The article links to the updated Nice guidelines, for what it's worth.

We all ought to remember: the plural of anecdote is not data, and this is especially true for epidemiology, where the samples of "people we know" can feel utterly compelling but be down to just random chance in a population so large (millions of women aged 20 to 50) that we just can't properly get our heads round it.

FloraSpreadableMacDonald · 01/10/2013 13:15

Dear OP, sorry I havent read all the replies and apologise if I repeat anything.
Both my DP (ex but for the purposes of this it doesnt matter) are now over 40. My DP didnt really want children when we met 11 years ago and I wasnt fussed. We both have well paid professional jobs and like you my DP was bettering his chances within his career. When he was 30, I fell pregnant (not planned) and we decided to go ahead with the pregnancy. Fast forward another 4 years and I wanted another. He didnt but as I was now over 35 he said he would as he knew how much it meant to me.
Fast forward to now.
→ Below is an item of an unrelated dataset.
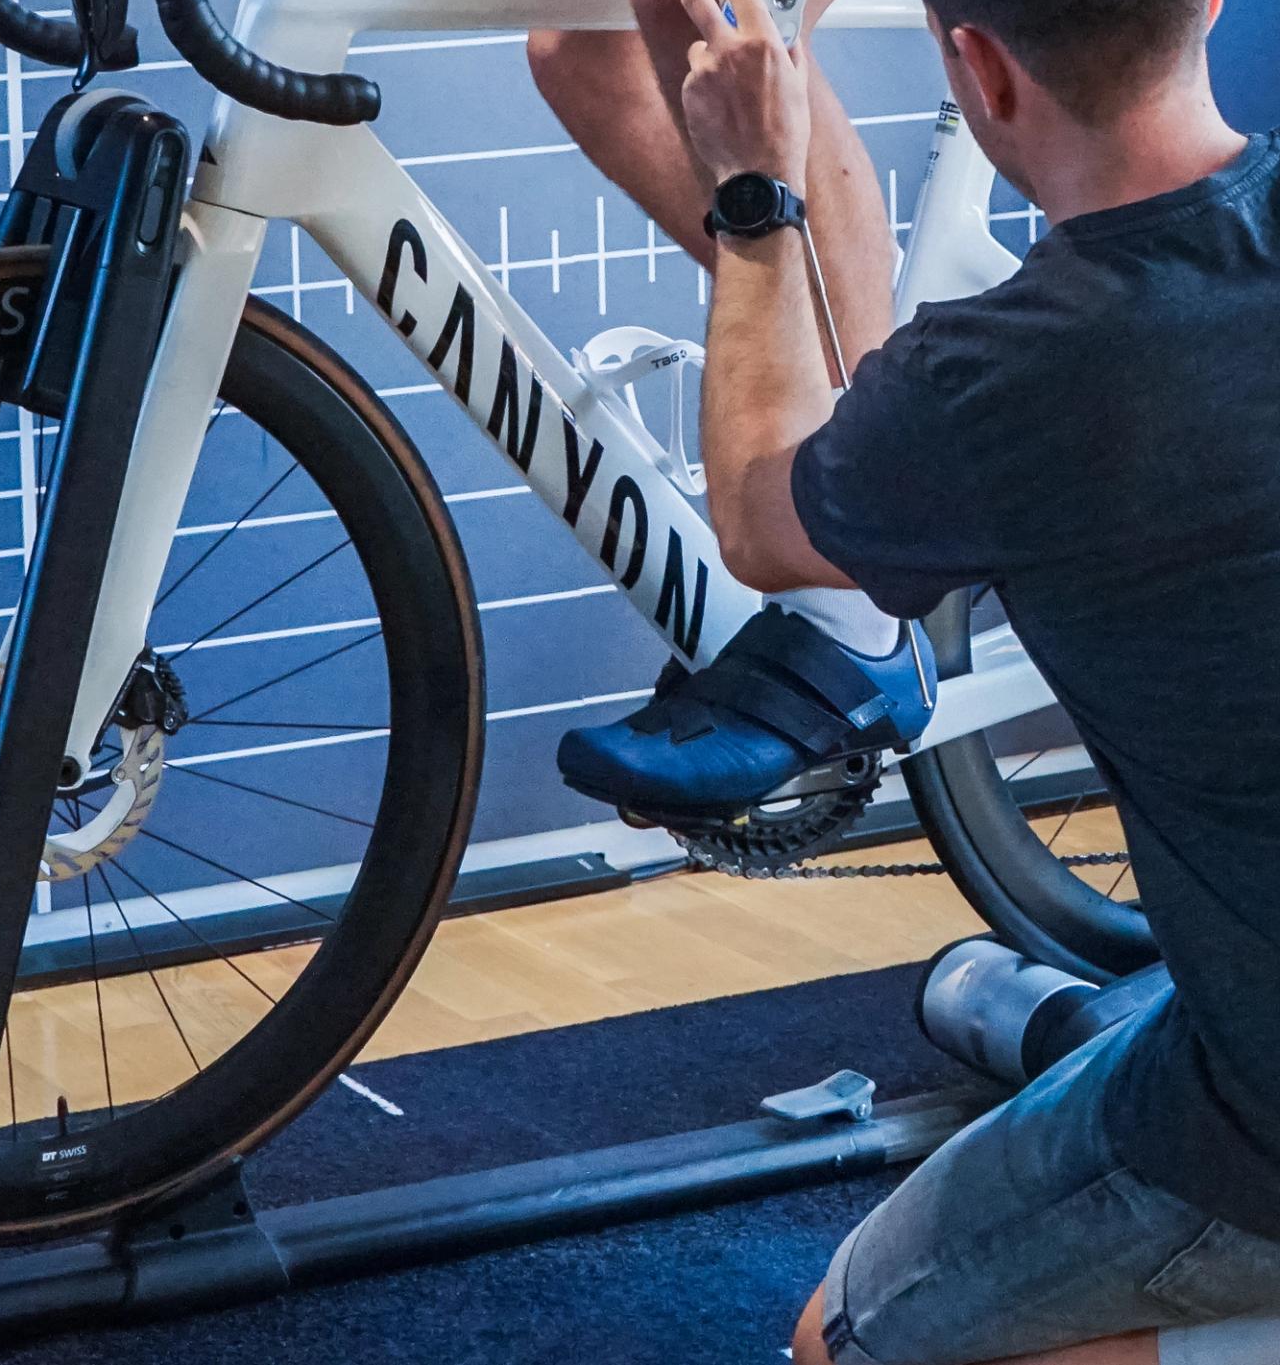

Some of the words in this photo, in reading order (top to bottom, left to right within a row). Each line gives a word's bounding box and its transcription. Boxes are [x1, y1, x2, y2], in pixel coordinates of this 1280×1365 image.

We have a 10 and a 6 year old and we have definitely made the right choice. At the time we thought not but now in our early 40s the boys have made our life exciting and fun. We have discovered new passions in life through havking the children. We have met and made new life long friends because of them. I know i am looking forward to being a grandparent and my DP shares all this too. It hasnt hindered our careers in any way either. In fact we have both been given promotion.
No parent has to stay at home. My sister helped with child care and the boys went to a wonderful nursery.
I think im trying to say, is that having children may enhance your life and your relationship with your wife. Children can bring a closeness between you that you never knew existed.
It is essential you both want the same things in life. Maybe you need to rethink your compromise. I also think if you truly love her, you will be devastated if you split. I would any way. If you think you would just miss her but still feel the need to split then you shouldnt be having children together any way.
I wish you both luck in your life.

FloraSpreadableMacDonald · 01/10/2013 13:25

Also wanted to add that no one should ever feel bullied into having children. If rethinking your compromise leaves you feeling like this, then be firm with your wife. I gave you my experience to show how it worked out for me. But children are hard work as well. Maybe borrow a friends kids for the day. See how you get on.

EachAndEveryHighway · 01/10/2013 13:45

OP, how much do you earn exactly, and how much does your wife earn?
Which part of the country do you live (just thinking about childcare costs)
Do you rent or own?
Do you have grandparents living nearby?
Just trying to assertain how skint you are in terms of having a family .... if that is the major sticking point for you.

TheFabulousIdiot · 01/10/2013 13:46

he's only been gone for less than two days.